[Records from a collection]
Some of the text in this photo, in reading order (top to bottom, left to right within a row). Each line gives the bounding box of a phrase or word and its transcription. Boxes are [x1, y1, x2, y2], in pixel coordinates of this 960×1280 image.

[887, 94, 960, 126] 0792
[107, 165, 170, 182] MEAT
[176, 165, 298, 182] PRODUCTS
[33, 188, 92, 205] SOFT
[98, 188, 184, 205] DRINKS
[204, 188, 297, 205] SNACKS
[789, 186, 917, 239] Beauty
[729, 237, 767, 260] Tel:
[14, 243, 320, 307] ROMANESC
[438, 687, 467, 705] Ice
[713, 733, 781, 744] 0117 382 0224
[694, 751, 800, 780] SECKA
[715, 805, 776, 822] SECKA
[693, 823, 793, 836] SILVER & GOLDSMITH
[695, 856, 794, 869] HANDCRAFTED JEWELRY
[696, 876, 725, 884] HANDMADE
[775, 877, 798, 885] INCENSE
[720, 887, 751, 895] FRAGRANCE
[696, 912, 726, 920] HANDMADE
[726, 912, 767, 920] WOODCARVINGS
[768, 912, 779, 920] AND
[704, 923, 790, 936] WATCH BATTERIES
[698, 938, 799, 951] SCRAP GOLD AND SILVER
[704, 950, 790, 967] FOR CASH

Exercise requirements:
Repeat the entries exactly, all of them.

Completed task:
Some of the text in this photo, in reading order (top to bottom, left to right within a row). Each line gives the bounding box of a phrase or word and its transcription. Boxes are [x1, y1, x2, y2], in pixel coordinates of this 960×1280 image.

[887, 94, 960, 126] 0792
[107, 165, 170, 182] MEAT
[176, 165, 298, 182] PRODUCTS
[33, 188, 92, 205] SOFT
[98, 188, 184, 205] DRINKS
[204, 188, 297, 205] SNACKS
[789, 186, 917, 239] Beauty
[729, 237, 767, 260] Tel:
[14, 243, 320, 307] ROMANESC
[438, 687, 467, 705] Ice
[713, 733, 781, 744] 0117 382 0224
[694, 751, 800, 780] SECKA
[715, 805, 776, 822] SECKA
[693, 823, 793, 836] SILVER & GOLDSMITH
[695, 856, 794, 869] HANDCRAFTED JEWELRY
[696, 876, 725, 884] HANDMADE
[775, 877, 798, 885] INCENSE
[720, 887, 751, 895] FRAGRANCE
[696, 912, 726, 920] HANDMADE
[726, 912, 767, 920] WOODCARVINGS
[768, 912, 779, 920] AND
[704, 923, 790, 936] WATCH BATTERIES
[698, 938, 799, 951] SCRAP GOLD AND SILVER
[704, 950, 790, 967] FOR CASH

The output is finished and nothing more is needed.